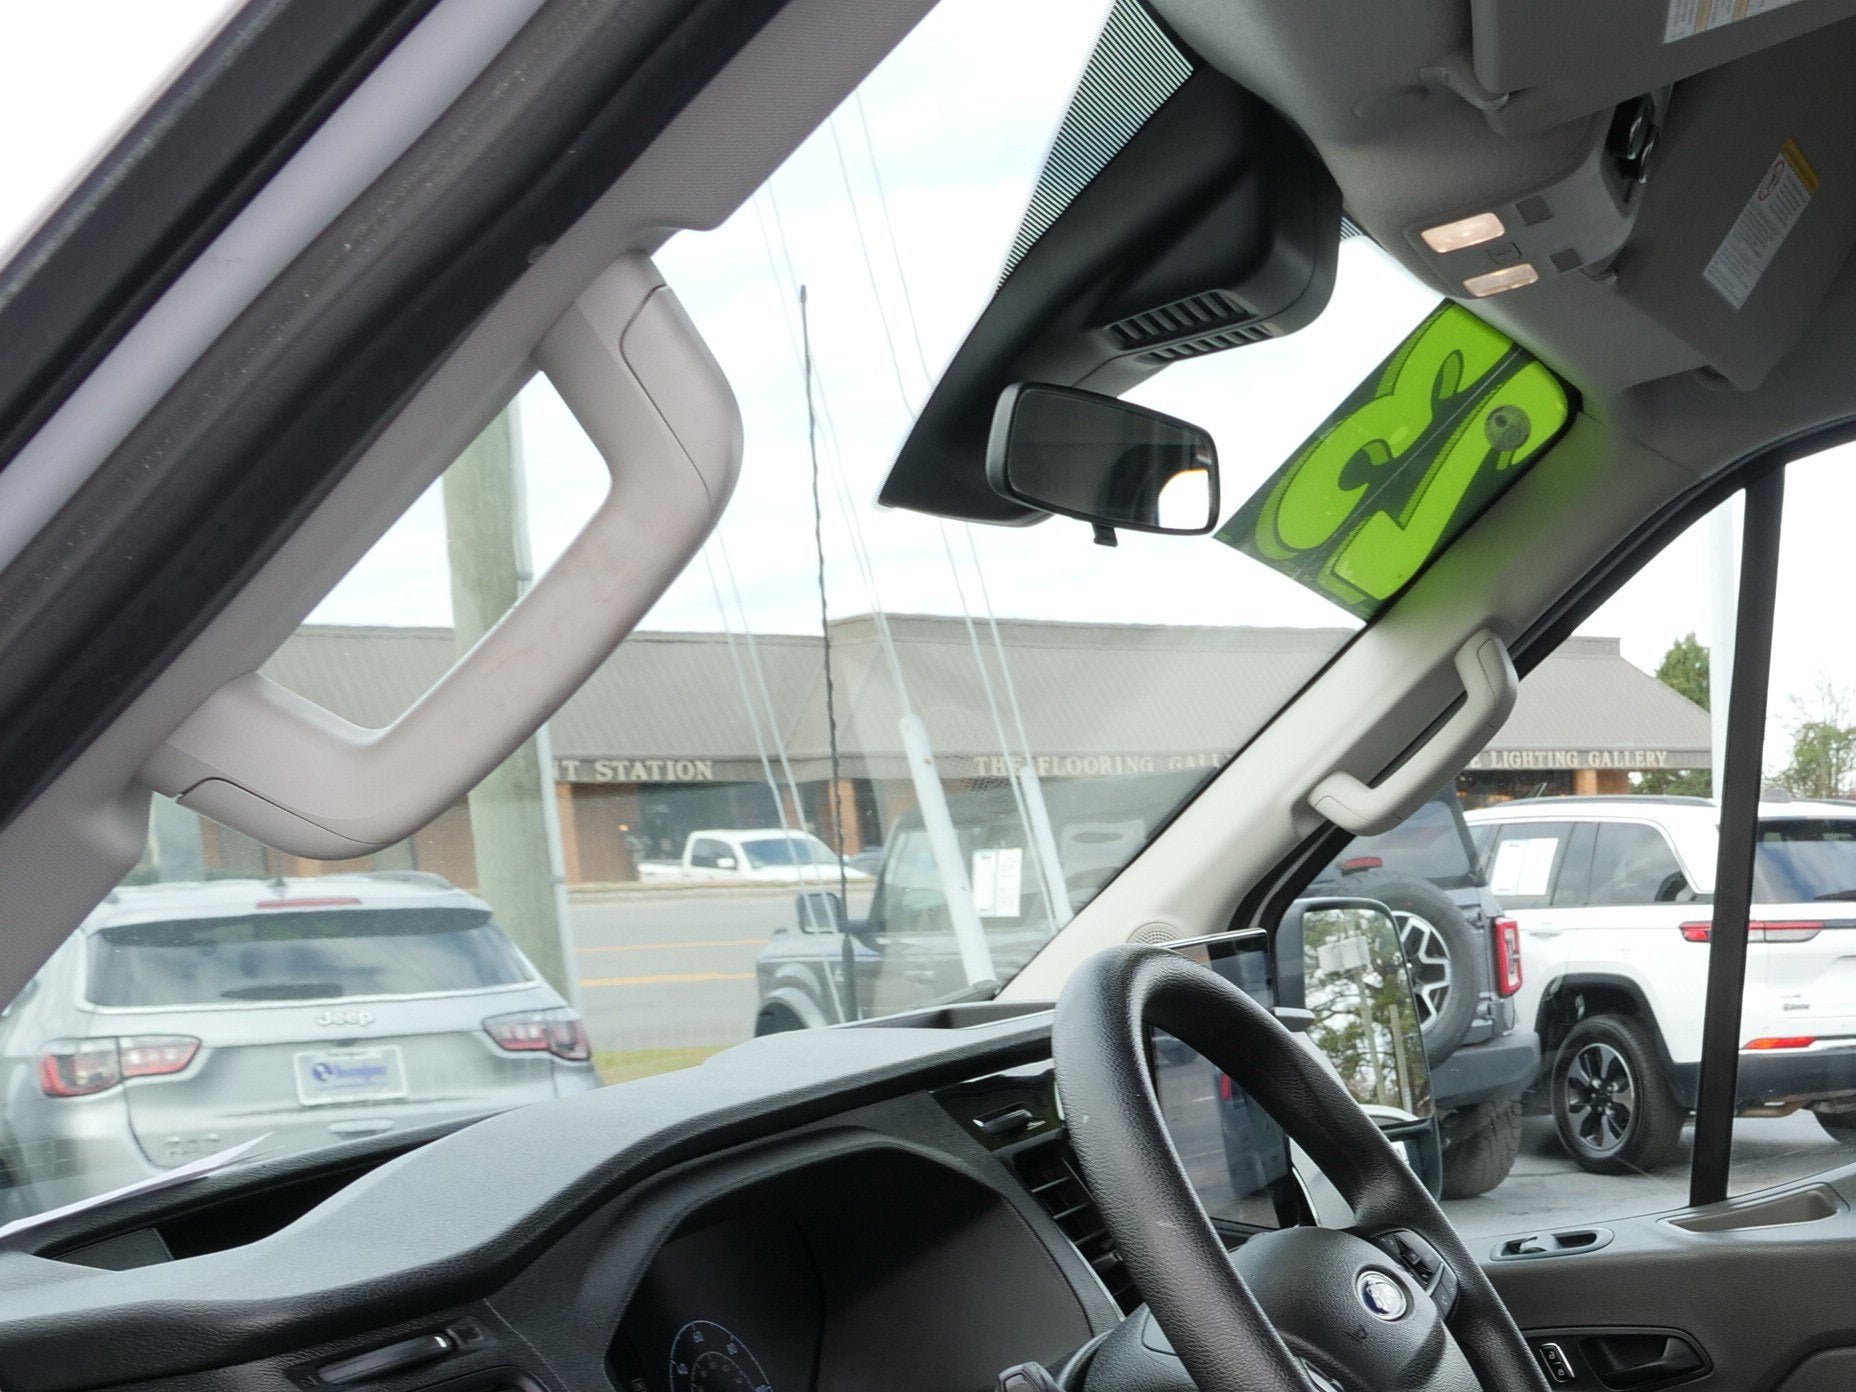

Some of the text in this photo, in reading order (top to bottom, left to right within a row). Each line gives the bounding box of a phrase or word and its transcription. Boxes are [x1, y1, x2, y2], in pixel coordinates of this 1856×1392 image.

[1036, 755, 1155, 777] FLOORING
[1490, 750, 1578, 769] LIGHTING
[1588, 750, 1668, 769] GALLERY
[593, 759, 713, 782] STATION
[317, 1010, 374, 1027] Jeep

- **WHAT IS NEEDED**
Using the material above, retype each entry exactly and omit the pictures.

- **SOLUTION TO THIS PROBLEM**
Some of the text in this photo, in reading order (top to bottom, left to right within a row). Each line gives the bounding box of a phrase or word and its transcription. Boxes are [x1, y1, x2, y2], in pixel coordinates of this 1856×1392 image.

[1036, 755, 1155, 777] FLOORING
[1490, 750, 1578, 769] LIGHTING
[1588, 750, 1668, 769] GALLERY
[593, 759, 713, 782] STATION
[317, 1010, 374, 1027] Jeep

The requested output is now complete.